After two consecutive years of significant decline (34 percent in 2015; 39 percent in 2016), the global directional drilling services market increased in value to $9.6 billion in 2017. While a resurgence in general upstream activity can be attributed to the overall recovery of oil prices, the increase in horizontal wells signifies a boost in innovation and technology.
In 2010, only 500 of the highest producing wells in the United States were horizontal. Five years later, this number rose to over 4000, representing a significant majority (77 percent) of the most prolific wells. The trend is not likely to end in the near foreseeable future. Drillinginfo has estimated about 80% of the remaining recoverable hydrocarbons in the Permian Basin will flow from unconventional wells. This is a substantial amount considering the Permian Basin is expected to produce 30 percent of the total U.S. crude in 2018. By the end of 2021, the field is forecast to be producing 4.43 MMbbl/d.
So, why the surge in horizontal wells?
The Permian Basin is a good example of the value proposition of horizontal drilling. Historically a vertical play, Permian used to be considered an “overly mature” basin with disputed ultimate recovery numbers. But, with its multiple benches and stacked formations, the area is being reinvigorated by unconventional drilling. Energy companies such as QEP Resources Inc. have sold land assets elsewhere in order to increase their Permian acreage to support an inventory of 1900 potential horizontal drilling locations.
How is technology lowering the cost of unconventional wells?
Faced with reduced margins in the new, lower oil price environment, operators shifted their expectations from fast wells to better producing, accurately placed wells. Service companies met the demand by addressing the biggest contributor of costly non-productive time: “the inability to consistently follow a prescribed well path.”
MOTIVEⓇ Drilling Technologies, an industry leader whose automated bits have successfully drilled more than five million horizontal feet assert that “there are too many rapidly changing variables for the directional driller to consider and react to in real-time.” To assist in drilling data analysis and reduce the estimated 25% of drilling cost associated with human errors, MOTIVEⓇ created the Directional Drilling Bit Guidance System, leveraging cognitive computing to optimize the directional drilling process.

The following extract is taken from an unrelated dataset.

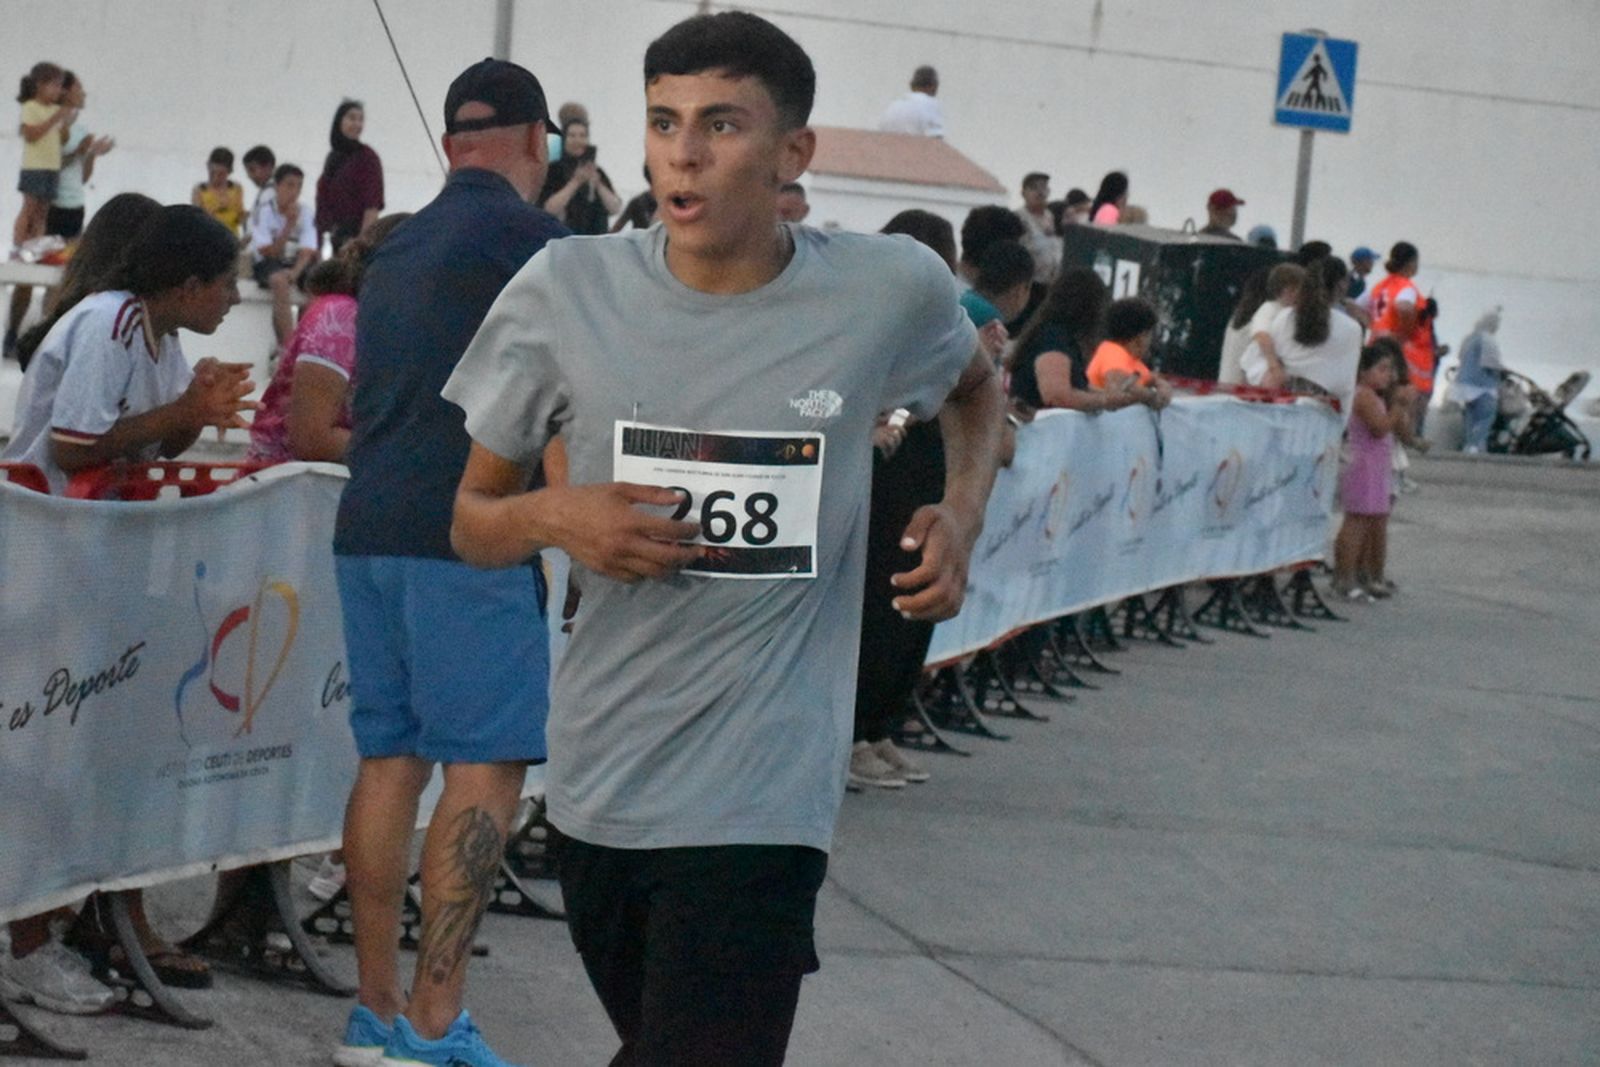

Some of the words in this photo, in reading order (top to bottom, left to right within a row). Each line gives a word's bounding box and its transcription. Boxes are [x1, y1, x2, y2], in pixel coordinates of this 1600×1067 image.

Over the last year, the trend of integrating digital capabilities into directional drilling offerings has accelerated. Baker Hughes, Trinidad, and Patterson-UTI have all acquired digital drilling providers while Schlumberger, Precision and Nabors have developed their own tools in-house. Drilling giants Weatherford and Halliburton are also working towards high performance, autonomous tools in response to the need for affordable and efficient directional drilling solutions.
Better tools and big data have made drilling long laterals and hitting multiple payzones more reliable and cost-effective. At Aimsio, we love keeping up with the innovative tech that is moving our customers’ industries forward. Our next blog will take a look at how drilling contractors and tech companies are coming together to make boring unconventional wells more efficient. For interesting reads about the innovations our clients in the midstream and construction industries are using, click here. To see how Aimsio helps companies digitize, automate and streamline field operations, click below.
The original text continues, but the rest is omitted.